The micro-expressions in each painting awakens an oasis of emotions. It doesn't take an art expert to feel the overwhelming passion of the artist who created it. Each painting has a reason, a story, there is someone who laughs, dreams, cries, suffers and is happy like any human being, but he manages to unfold himself and capture the best of himself on canvas. Such is the case of
David Berkowitz Chicago based naïve artist, who next month is hosting an online exhibition at the Chicago gallery.
Starting this May,
Intuit: The Center for Intuitive and Outsider Art in Chicago, opens its online shows. Among the first is the In Full Speed exhibition coming from David Berkowitzs Chicago atelier, a luxury for any lover of contemporary art and history. Gaining inspiration from a range of sources including serene landscapes, vibrant streets and the joy of his childhood memories, his latest exhibition includes works marked by technical expertise and an emotional backbone.
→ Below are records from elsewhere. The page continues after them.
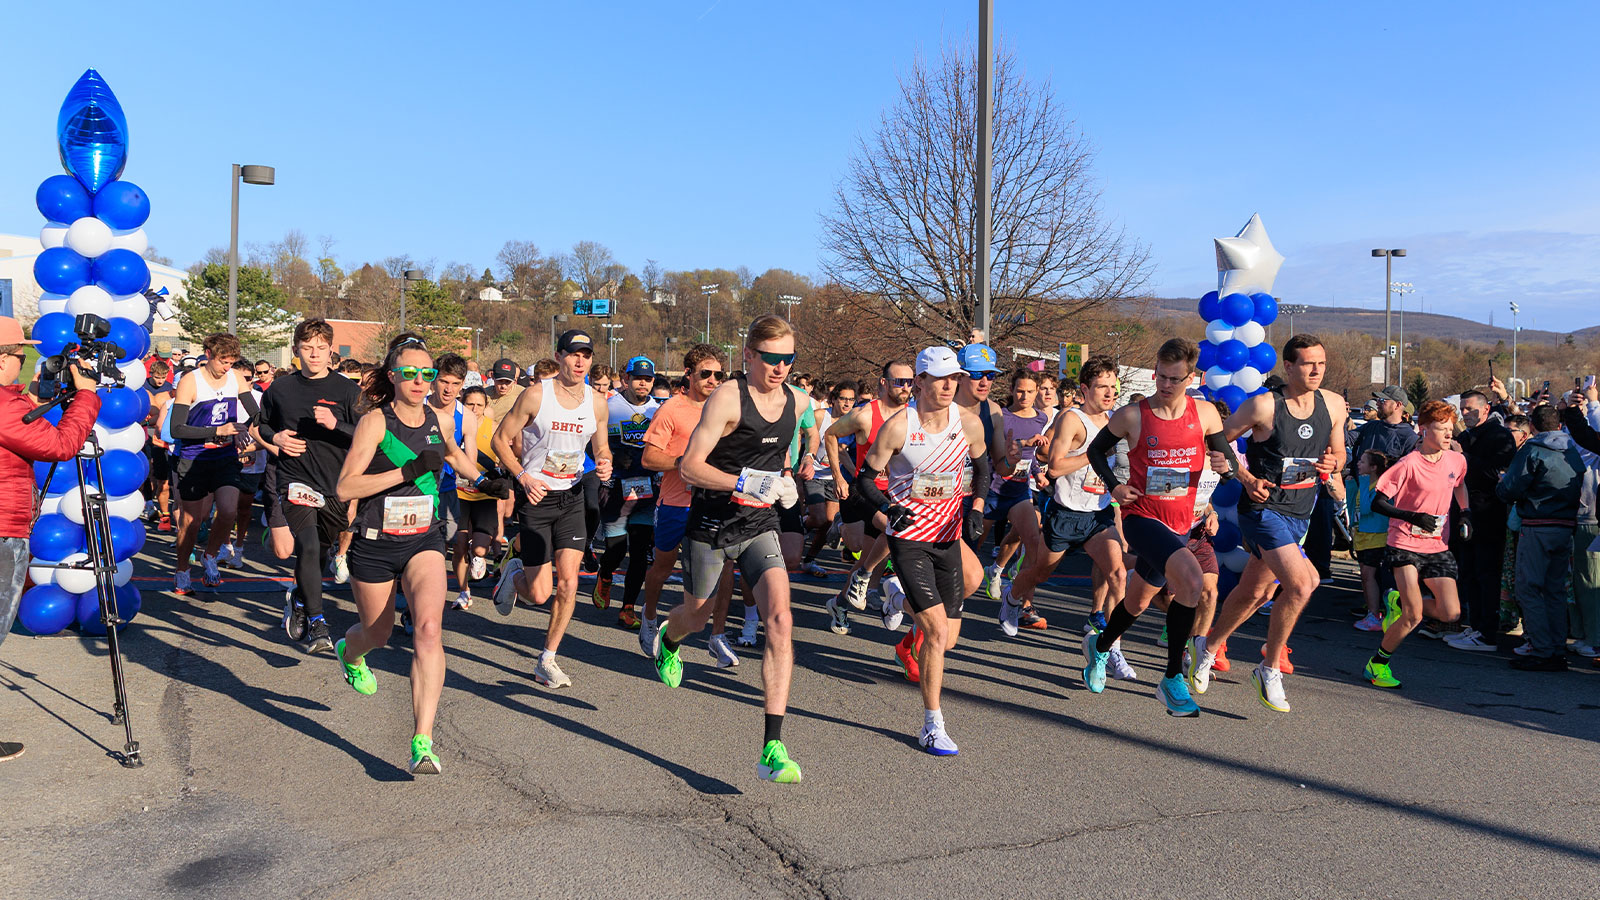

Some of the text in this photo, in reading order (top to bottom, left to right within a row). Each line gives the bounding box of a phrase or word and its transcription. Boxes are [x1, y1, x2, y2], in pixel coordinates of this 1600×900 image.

[551, 421, 584, 434] BHTC
[761, 436, 779, 444] BANDIT
[1147, 446, 1197, 458] RED ROSE
[559, 463, 567, 473] 2
[1296, 471, 1307, 481] 13
[923, 486, 944, 497] 384
[1165, 482, 1172, 493] 3
[296, 491, 319, 504] 1452
[402, 513, 417, 526] 10
This retrospective exhibition covers the more than two decades of the artist's career, presenting his essential stages and transformations: from the sociopolitical and upheaval works he conceived between in the early 90s, to the coded paintings of his last creative period.
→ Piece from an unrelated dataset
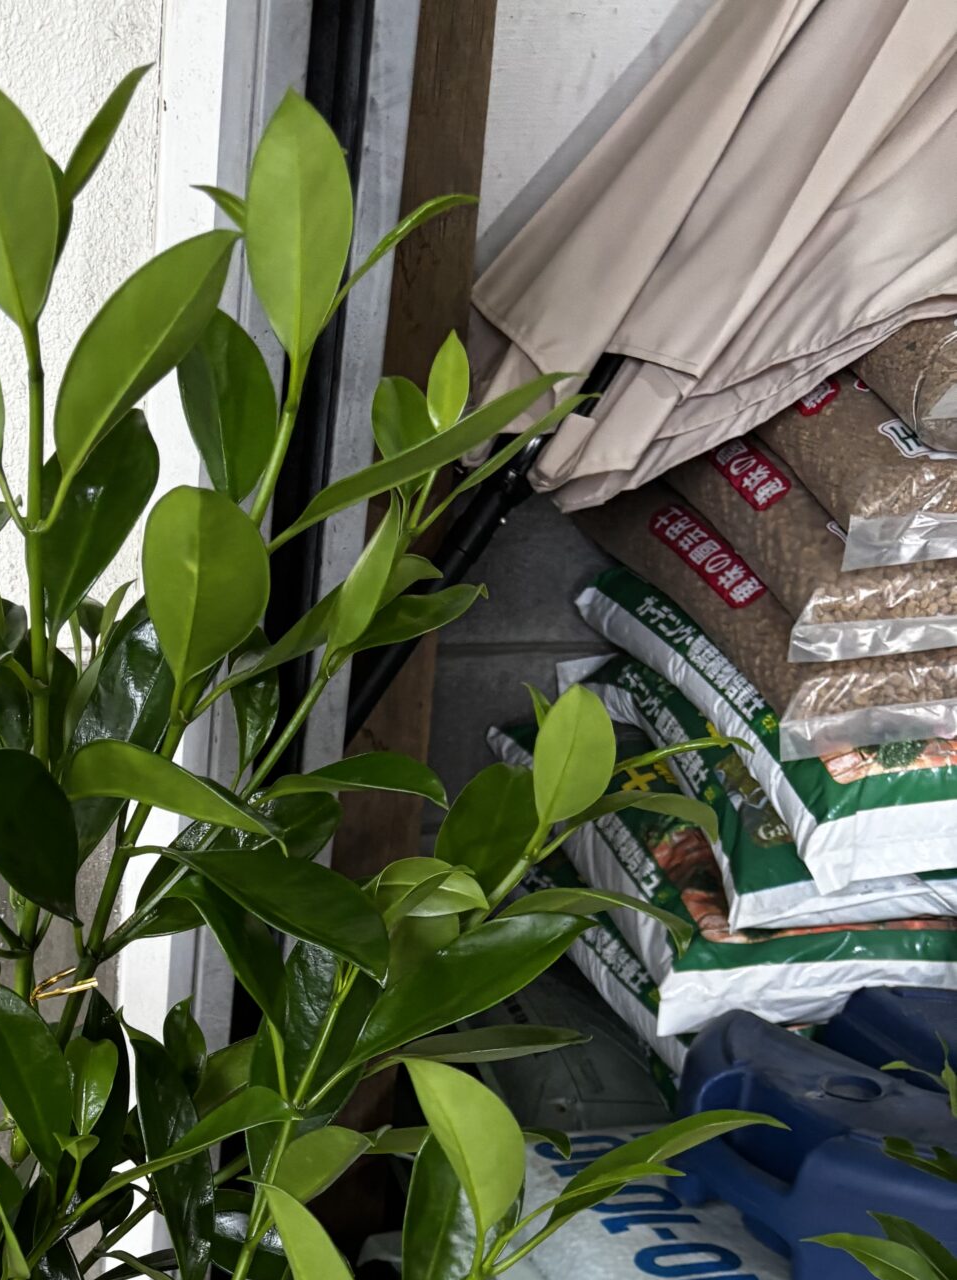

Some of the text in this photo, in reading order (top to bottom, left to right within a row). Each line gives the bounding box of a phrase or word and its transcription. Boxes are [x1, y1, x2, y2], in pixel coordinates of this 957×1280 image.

The exhibition titled In Full Speed experiments with shapes to loosen the gaze, move and, at the same time, summon the viewer to take a position. In his drawings, David explores various materials, pigments and inks. He introduced conceptual strategies into his work by linking drawing and writing, and he rehearsed a thought in images through collage. The Chicago artist David Berkowitz considered rhythm as a
structural element of art, a rhythm that arose from the use of certain materials, shapes, lines and colors.
In Full Speed is a collective and polyphonic curatorial project that proposes a non-linear journey through the work of David Berkowitz. Trying to dissolve the binary distinction between an abstract phase, which has led to aestheticized and distant readings of David's work,
this exhibition aims to interpret his ways of acting, intervening and creating from friction.
David Berkowitz didnt know he was an artist until he was in his late twenties, but Id like to digress a bit and tell you how he got to where he is now.
Berkowitz was born on January 30, 1943 in Aurora, Chicago. He grew up in a loving and nurturing household. Most of his childhood was pretty normal for that time. He graduated from high school in 1961 and continued his education at the School of the Art Institute of Chicago.
In 1969 David suffered a serious spine injury during a football match, and had the opportunity to discover his artistic passion. Once he recovered from the injury, he immediately went to the local art store and bought what he needed to draw. Until then he had never really felt a passion for creating, though he always loved art, design, and architecture. When he picked up the brush and began painting, he knew something had changed. Not only was he enjoying it, but he found his skills exceeded his expectations. David Berkowitz drew constantly for the next 7 months using images he had in his head. Then his love for drawing changed forever.
For the next two years he carried his camera everywhere and amassed a portfolio of faces he couldnt resist drawing. Until this day, David continues to turn to the streets to find many of his subjects. As you can see, his true passion is giving a face and a name to those whom most people would just pass by.
David's naive narrative paintings are mostly made using oil and acrylics, as its fast drying qualities give him the freedom to mix other mediums more easily. Anything he experiences or sees, either close or far away, may turn into his next inspiration. David Berkowitz creates in a naive figurative style, through color or black and white, in a constant state of evolution. Through each layer, he scratches, rubs and uses any means to get the final desired result.